(Items from a dataset)
● ● ● ● ● ● ●

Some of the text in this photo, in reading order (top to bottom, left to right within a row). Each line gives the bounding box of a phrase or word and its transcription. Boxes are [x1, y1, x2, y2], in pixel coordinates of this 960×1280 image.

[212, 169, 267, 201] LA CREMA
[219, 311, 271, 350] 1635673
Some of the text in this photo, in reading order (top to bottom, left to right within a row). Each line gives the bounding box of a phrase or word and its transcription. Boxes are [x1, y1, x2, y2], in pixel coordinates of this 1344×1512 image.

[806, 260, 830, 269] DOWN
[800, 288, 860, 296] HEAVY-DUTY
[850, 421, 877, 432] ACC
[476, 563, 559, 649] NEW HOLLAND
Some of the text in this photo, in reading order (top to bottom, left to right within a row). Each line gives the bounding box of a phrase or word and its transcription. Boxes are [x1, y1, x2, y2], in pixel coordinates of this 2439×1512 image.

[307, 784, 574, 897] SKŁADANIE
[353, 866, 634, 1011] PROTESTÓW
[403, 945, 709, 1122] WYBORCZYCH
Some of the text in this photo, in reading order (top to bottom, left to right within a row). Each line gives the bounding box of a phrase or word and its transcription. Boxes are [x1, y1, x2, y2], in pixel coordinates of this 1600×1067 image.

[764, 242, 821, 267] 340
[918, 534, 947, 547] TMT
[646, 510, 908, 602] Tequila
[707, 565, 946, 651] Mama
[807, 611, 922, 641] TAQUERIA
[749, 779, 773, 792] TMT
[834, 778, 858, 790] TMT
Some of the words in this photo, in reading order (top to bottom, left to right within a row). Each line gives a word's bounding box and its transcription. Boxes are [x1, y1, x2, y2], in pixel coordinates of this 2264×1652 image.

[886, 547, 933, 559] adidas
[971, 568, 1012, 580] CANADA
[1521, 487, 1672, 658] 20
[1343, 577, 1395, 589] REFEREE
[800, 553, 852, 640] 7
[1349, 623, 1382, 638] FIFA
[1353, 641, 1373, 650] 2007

● ● ● ● ● ● ●

_GOAL OF THE EXERCISE_:
Return all of the entries exactly as written.

_WORKED SOLUTION_:
Some of the text in this photo, in reading order (top to bottom, left to right within a row). Each line gives the bounding box of a phrase or word and its transcription. Boxes are [x1, y1, x2, y2], in pixel coordinates of this 960×1280 image.

[212, 169, 267, 201] LA CREMA
[219, 311, 271, 350] 1635673
Some of the text in this photo, in reading order (top to bottom, left to right within a row). Each line gives the bounding box of a phrase or word and its transcription. Boxes are [x1, y1, x2, y2], in pixel coordinates of this 1344×1512 image.

[806, 260, 830, 269] DOWN
[800, 288, 860, 296] HEAVY-DUTY
[850, 421, 877, 432] ACC
[476, 563, 559, 649] NEW HOLLAND
Some of the text in this photo, in reading order (top to bottom, left to right within a row). Each line gives the bounding box of a phrase or word and its transcription. Boxes are [x1, y1, x2, y2], in pixel coordinates of this 2439×1512 image.

[307, 784, 574, 897] SKŁADANIE
[353, 866, 634, 1011] PROTESTÓW
[403, 945, 709, 1122] WYBORCZYCH
Some of the text in this photo, in reading order (top to bottom, left to right within a row). Each line gives the bounding box of a phrase or word and its transcription. Boxes are [x1, y1, x2, y2], in pixel coordinates of this 1600×1067 image.

[764, 242, 821, 267] 340
[918, 534, 947, 547] TMT
[646, 510, 908, 602] Tequila
[707, 565, 946, 651] Mama
[807, 611, 922, 641] TAQUERIA
[749, 779, 773, 792] TMT
[834, 778, 858, 790] TMT
Some of the words in this photo, in reading order (top to bottom, left to right within a row). Each line gives a word's bounding box and its transcription. Boxes are [x1, y1, x2, y2], in pixel coordinates of this 2264×1652 image.

[886, 547, 933, 559] adidas
[971, 568, 1012, 580] CANADA
[1521, 487, 1672, 658] 20
[1343, 577, 1395, 589] REFEREE
[800, 553, 852, 640] 7
[1349, 623, 1382, 638] FIFA
[1353, 641, 1373, 650] 2007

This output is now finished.